- _Task requirements_
Verbatim repeat, images excluded. Give each entry again as written.

- _Source data_
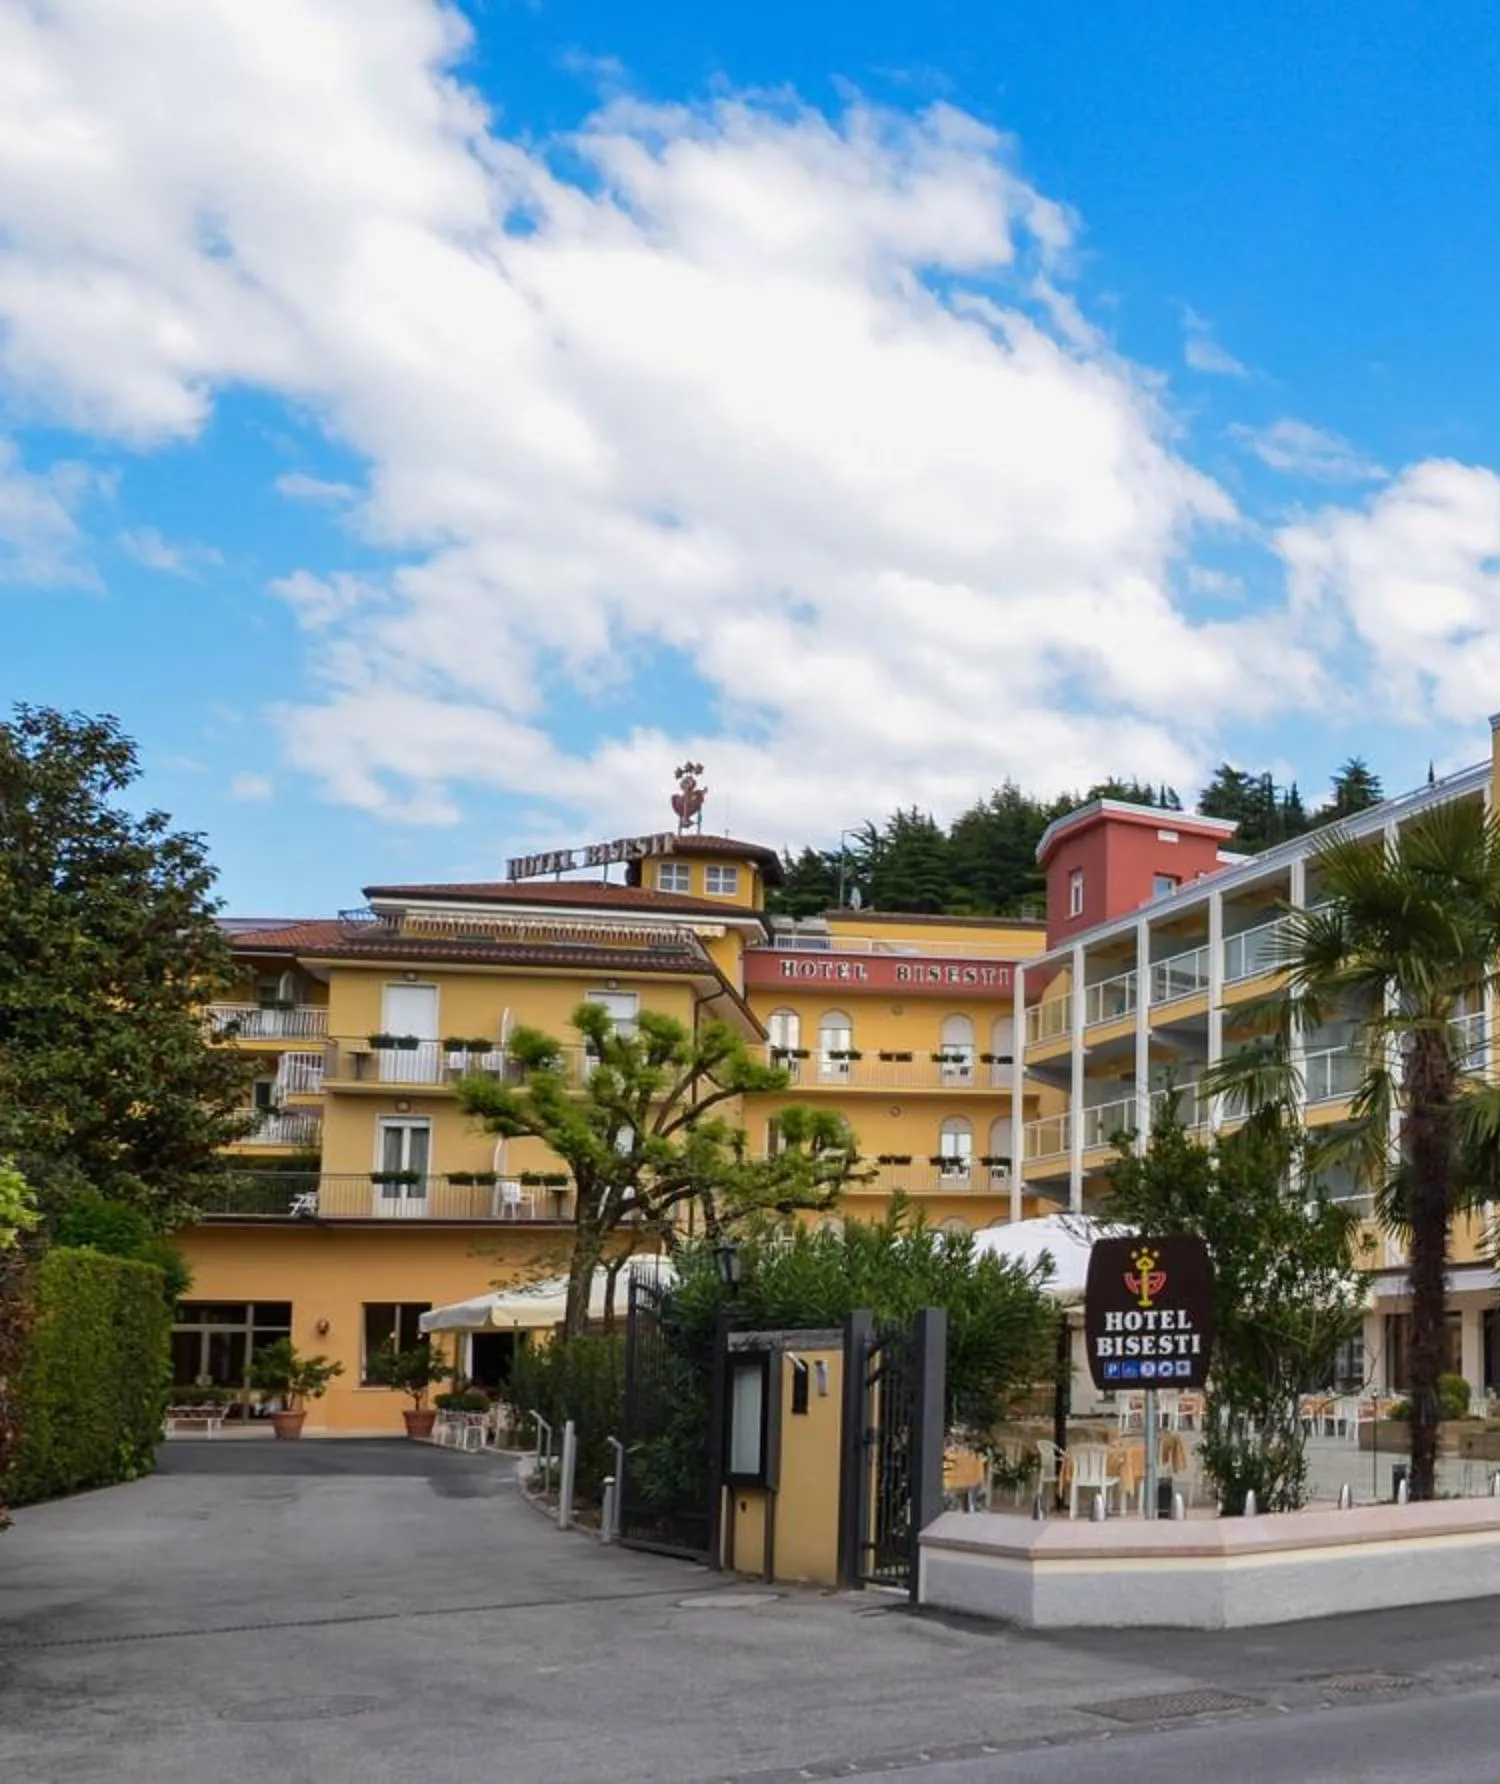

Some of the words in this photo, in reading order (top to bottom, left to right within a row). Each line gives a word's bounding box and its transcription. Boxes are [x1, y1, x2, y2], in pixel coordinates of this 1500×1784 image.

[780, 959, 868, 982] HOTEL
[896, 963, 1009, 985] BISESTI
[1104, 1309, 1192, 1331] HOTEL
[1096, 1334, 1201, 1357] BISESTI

- _Response to the exercise_
Some of the words in this photo, in reading order (top to bottom, left to right within a row). Each line gives a word's bounding box and its transcription. Boxes are [x1, y1, x2, y2], in pixel coordinates of this 1500×1784 image.

[780, 959, 868, 982] HOTEL
[896, 963, 1009, 985] BISESTI
[1104, 1309, 1192, 1331] HOTEL
[1096, 1334, 1201, 1357] BISESTI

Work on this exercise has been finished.